■ **What you will do**:
Reproduce all of the records exactly.

[Information supplied Boundary: Start]

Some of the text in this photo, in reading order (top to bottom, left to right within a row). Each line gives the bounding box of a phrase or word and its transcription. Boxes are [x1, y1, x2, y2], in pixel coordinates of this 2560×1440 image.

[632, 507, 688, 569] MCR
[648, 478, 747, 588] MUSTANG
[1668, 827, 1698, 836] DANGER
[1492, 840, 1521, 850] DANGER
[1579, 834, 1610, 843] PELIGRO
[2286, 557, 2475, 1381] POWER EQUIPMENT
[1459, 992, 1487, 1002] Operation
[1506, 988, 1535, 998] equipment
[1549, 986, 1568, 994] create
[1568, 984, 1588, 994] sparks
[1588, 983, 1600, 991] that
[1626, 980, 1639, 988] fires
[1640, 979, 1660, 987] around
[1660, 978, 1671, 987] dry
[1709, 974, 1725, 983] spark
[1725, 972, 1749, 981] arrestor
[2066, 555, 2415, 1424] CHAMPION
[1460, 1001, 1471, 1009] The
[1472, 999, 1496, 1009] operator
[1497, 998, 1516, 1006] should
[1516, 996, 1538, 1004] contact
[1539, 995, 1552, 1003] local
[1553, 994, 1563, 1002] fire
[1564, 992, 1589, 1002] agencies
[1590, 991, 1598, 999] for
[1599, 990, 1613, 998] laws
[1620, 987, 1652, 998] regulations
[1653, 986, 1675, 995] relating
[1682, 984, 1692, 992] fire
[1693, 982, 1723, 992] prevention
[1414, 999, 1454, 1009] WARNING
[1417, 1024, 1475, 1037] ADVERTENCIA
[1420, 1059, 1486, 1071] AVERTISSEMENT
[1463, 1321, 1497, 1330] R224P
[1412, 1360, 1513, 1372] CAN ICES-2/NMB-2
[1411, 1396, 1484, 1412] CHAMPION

[Information supplied Boundary: End]

■ **Problem solution**:
Some of the text in this photo, in reading order (top to bottom, left to right within a row). Each line gives the bounding box of a phrase or word and its transcription. Boxes are [x1, y1, x2, y2], in pixel coordinates of this 2560×1440 image.

[632, 507, 688, 569] MCR
[648, 478, 747, 588] MUSTANG
[1668, 827, 1698, 836] DANGER
[1492, 840, 1521, 850] DANGER
[1579, 834, 1610, 843] PELIGRO
[2286, 557, 2475, 1381] POWER EQUIPMENT
[1459, 992, 1487, 1002] Operation
[1506, 988, 1535, 998] equipment
[1549, 986, 1568, 994] create
[1568, 984, 1588, 994] sparks
[1588, 983, 1600, 991] that
[1626, 980, 1639, 988] fires
[1640, 979, 1660, 987] around
[1660, 978, 1671, 987] dry
[1709, 974, 1725, 983] spark
[1725, 972, 1749, 981] arrestor
[2066, 555, 2415, 1424] CHAMPION
[1460, 1001, 1471, 1009] The
[1472, 999, 1496, 1009] operator
[1497, 998, 1516, 1006] should
[1516, 996, 1538, 1004] contact
[1539, 995, 1552, 1003] local
[1553, 994, 1563, 1002] fire
[1564, 992, 1589, 1002] agencies
[1590, 991, 1598, 999] for
[1599, 990, 1613, 998] laws
[1620, 987, 1652, 998] regulations
[1653, 986, 1675, 995] relating
[1682, 984, 1692, 992] fire
[1693, 982, 1723, 992] prevention
[1414, 999, 1454, 1009] WARNING
[1417, 1024, 1475, 1037] ADVERTENCIA
[1420, 1059, 1486, 1071] AVERTISSEMENT
[1463, 1321, 1497, 1330] R224P
[1412, 1360, 1513, 1372] CAN ICES-2/NMB-2
[1411, 1396, 1484, 1412] CHAMPION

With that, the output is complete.